Employee Records: Why Managers Create a Shadow File

Why would a manager create a Shadow File? Do any of these statements sound familiar?

  • “HQ keeps losing the document I send so I better keep a backup”
  • “It takes HR too long to send documents I need quickly so I’ll just keep my own copies”
  • “When I’m doing evaluations I like to have training records and past evaluations handy so I’ll just keep my own copies”

I suppose you could say these all sound like excuses, but before we slap the manager’s hand let’s be honest.

  • Employee records do get lost in transit, sometimes due to a carrier mistake.  Perhaps the form never made it in the FedEx pack, or it got mixed in with documents going to another department.  Maybe HR is behind filing so the document isn’t really lost, but it’s not in the employee file yet.
  • There will be delays in sending managers copies of documents. Remember we have paper employee records. HR will need to find the employee record, make a copy, and then fax, ship, or email a copy to the manager. None of these are particularly efficient or secure ways to share human resource records that might contain personally identifiable information (PII).
  • It does make sense for a manager to have easy access to information about his team when working on performance appraisals or compensation.

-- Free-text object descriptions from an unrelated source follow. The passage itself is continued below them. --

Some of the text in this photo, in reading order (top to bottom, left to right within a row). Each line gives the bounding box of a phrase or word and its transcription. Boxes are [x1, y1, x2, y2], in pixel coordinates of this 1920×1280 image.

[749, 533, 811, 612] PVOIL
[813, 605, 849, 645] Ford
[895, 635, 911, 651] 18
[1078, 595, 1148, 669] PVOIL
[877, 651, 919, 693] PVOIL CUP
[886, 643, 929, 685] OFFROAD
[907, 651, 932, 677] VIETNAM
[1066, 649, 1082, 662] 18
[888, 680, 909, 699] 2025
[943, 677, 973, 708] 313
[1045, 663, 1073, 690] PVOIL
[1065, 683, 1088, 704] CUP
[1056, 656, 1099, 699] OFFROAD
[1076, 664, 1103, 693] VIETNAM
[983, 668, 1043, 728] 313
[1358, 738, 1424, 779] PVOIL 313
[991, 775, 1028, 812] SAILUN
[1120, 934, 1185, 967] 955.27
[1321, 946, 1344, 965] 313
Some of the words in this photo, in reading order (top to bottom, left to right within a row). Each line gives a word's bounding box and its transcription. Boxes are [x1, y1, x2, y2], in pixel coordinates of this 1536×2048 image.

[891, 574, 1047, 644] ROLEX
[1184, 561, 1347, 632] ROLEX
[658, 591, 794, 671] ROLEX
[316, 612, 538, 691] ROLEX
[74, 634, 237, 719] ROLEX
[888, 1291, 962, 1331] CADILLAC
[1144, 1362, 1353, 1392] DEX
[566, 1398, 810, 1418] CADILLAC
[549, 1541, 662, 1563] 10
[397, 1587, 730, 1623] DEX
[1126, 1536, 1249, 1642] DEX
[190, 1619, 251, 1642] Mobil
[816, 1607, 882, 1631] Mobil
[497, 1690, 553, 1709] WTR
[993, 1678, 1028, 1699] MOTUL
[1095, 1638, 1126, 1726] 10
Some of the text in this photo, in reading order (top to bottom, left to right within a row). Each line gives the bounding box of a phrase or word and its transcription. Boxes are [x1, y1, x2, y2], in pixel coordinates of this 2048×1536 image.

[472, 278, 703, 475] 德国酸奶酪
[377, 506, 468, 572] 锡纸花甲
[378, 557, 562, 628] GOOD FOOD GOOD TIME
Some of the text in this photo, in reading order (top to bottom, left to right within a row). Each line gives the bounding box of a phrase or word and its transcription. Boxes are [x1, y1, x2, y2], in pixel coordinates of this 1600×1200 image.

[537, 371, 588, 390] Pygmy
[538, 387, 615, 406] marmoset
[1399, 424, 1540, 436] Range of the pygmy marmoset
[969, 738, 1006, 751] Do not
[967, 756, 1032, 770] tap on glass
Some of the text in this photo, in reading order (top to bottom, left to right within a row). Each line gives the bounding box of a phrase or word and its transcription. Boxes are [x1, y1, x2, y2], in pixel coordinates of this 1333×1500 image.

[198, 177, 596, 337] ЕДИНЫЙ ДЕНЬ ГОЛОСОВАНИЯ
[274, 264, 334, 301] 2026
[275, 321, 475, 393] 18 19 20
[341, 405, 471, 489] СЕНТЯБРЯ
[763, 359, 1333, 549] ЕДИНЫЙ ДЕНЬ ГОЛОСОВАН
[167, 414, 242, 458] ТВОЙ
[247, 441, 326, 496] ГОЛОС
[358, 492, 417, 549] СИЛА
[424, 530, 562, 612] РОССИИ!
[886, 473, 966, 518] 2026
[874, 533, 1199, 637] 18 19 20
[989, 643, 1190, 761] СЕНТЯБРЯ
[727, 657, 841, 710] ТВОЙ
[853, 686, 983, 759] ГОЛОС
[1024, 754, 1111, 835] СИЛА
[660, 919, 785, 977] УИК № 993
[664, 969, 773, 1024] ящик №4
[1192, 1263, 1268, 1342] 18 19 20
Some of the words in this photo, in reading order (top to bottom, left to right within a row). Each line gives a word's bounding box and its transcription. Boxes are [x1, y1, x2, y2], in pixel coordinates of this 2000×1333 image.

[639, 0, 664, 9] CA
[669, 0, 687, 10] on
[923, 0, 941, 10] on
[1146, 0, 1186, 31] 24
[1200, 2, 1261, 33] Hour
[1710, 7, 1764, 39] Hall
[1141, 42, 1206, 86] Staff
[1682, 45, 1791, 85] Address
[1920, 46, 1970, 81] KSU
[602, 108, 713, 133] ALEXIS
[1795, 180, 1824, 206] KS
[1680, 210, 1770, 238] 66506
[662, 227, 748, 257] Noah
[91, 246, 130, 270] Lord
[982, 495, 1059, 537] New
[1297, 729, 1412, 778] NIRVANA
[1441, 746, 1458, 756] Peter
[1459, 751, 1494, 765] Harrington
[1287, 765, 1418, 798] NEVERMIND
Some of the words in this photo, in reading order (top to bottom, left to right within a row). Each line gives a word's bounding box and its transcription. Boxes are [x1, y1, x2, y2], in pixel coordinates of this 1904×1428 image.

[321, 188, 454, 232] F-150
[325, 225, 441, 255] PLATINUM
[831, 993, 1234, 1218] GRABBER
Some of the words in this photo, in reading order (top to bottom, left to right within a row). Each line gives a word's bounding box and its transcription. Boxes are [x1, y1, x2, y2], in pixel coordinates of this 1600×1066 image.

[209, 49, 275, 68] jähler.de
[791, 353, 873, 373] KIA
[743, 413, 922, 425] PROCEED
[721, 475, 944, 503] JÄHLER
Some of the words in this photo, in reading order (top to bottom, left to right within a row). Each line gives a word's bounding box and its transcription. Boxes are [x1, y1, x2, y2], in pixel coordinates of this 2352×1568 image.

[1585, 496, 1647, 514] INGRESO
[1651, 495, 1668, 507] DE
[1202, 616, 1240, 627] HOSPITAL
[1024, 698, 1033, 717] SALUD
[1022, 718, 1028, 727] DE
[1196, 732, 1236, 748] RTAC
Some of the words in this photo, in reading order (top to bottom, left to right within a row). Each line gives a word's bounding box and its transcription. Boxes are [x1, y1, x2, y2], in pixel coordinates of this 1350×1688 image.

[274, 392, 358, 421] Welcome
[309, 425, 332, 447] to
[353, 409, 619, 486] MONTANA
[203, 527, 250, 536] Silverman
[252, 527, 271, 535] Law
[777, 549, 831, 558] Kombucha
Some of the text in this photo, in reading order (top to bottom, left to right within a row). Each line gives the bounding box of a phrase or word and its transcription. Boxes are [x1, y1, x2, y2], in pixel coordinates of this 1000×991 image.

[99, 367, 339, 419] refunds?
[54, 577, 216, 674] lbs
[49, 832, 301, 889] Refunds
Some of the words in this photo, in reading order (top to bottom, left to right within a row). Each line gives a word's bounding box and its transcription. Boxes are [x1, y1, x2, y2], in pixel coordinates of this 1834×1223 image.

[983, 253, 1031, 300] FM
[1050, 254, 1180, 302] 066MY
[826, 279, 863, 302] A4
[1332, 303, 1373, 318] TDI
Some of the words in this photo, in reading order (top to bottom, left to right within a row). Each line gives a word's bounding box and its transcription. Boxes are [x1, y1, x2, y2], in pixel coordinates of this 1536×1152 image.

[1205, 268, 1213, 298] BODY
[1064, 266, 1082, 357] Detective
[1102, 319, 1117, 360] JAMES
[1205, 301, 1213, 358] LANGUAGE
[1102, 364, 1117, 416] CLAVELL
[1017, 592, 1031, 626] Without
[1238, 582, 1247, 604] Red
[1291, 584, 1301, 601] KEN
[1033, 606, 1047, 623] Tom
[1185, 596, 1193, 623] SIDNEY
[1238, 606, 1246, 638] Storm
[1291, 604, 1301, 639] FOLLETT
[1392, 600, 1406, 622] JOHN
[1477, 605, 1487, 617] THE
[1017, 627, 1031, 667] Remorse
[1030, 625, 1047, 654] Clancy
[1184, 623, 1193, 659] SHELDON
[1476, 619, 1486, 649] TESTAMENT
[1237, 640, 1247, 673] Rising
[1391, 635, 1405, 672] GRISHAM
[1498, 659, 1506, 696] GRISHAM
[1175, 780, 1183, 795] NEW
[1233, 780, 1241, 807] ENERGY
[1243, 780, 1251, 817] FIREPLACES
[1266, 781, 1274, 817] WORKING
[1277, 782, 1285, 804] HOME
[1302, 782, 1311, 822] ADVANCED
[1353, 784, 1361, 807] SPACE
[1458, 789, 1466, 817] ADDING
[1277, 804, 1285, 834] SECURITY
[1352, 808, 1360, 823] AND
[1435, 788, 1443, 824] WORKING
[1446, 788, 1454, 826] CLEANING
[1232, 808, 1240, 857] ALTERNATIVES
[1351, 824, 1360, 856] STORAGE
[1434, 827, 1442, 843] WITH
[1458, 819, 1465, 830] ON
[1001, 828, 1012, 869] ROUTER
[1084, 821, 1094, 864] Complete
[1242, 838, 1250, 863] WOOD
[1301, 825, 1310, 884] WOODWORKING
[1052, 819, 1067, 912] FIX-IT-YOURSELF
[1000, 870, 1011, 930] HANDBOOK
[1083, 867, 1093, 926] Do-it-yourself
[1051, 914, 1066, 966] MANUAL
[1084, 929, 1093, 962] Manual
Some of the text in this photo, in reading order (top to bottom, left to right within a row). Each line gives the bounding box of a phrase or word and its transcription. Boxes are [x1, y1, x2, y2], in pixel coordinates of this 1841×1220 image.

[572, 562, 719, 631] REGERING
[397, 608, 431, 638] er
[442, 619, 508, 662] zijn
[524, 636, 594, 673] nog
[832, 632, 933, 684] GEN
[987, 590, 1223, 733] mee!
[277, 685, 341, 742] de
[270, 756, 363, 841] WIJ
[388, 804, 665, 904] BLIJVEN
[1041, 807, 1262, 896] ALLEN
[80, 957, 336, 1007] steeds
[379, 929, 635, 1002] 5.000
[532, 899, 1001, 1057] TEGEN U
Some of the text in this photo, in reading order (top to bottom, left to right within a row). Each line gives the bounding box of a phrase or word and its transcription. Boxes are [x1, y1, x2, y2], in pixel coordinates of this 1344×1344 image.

Employee File Management: The Smart Way to Secure Employee Records

While managers are creating additional costs and risks by maintaining Shadow Files, they are simply trying to operate more efficiently, but paper slows the speed of business. HR document management of employee records is critical to avoid a security breach. Additionally, having employee records in a file that might become a smoking gun during litigation also puts a company at risk. However, managers should be able to easily access the human resource records they need.

So how do we get rid of the Shadow Files and meet the needs of both HR and managers?  By digitizing paper employee files and implementing a service delivery model that includes an automated HR document management system so there will no longer be a need for a Shadow File.  By deploying the right technology both employees and managers can access documents based on rules set up by HR. Document shipping, filing, and copying are administrative tasks that can be eliminated. A modern automated HR document management system will include workflows, e-forms, and e-signatures so documents can be completed electronically, a win for both HR and Managers. Security and compliance are also improved when the right HR document management solution is implemented. Audit history reporting will allow HR to see who has accessed a document and what they did with that document. Audit reporting is almost impossible if a Shadow File exists, it’s hard enough to maintain a manual log of who accessed a paper employee file managed by HR, forget it if you expect a manager to maintain a log of who looked at an employee file.

HR is accountable for managing the retention of employee documents, how will they do that if they don’t even know what managers are holding in their files?

Shadow Files aren’t just a problem for HR, although their existence can be the most damaging to a company.  Secondary copies of contracts or other business documents can also be a problem.  If you are looking at the wrong version of a contract then service levels could be missed or a renewal date might be incorrect.  When a workforce is dispersed or even if you just work for a very large company, paper is going to create problems.  Processes will be inefficient and costly, and security and compliance will be jeopardized.  In a business environment where we have to do more with less and speed can be a competitive advantage, the paper has got to go.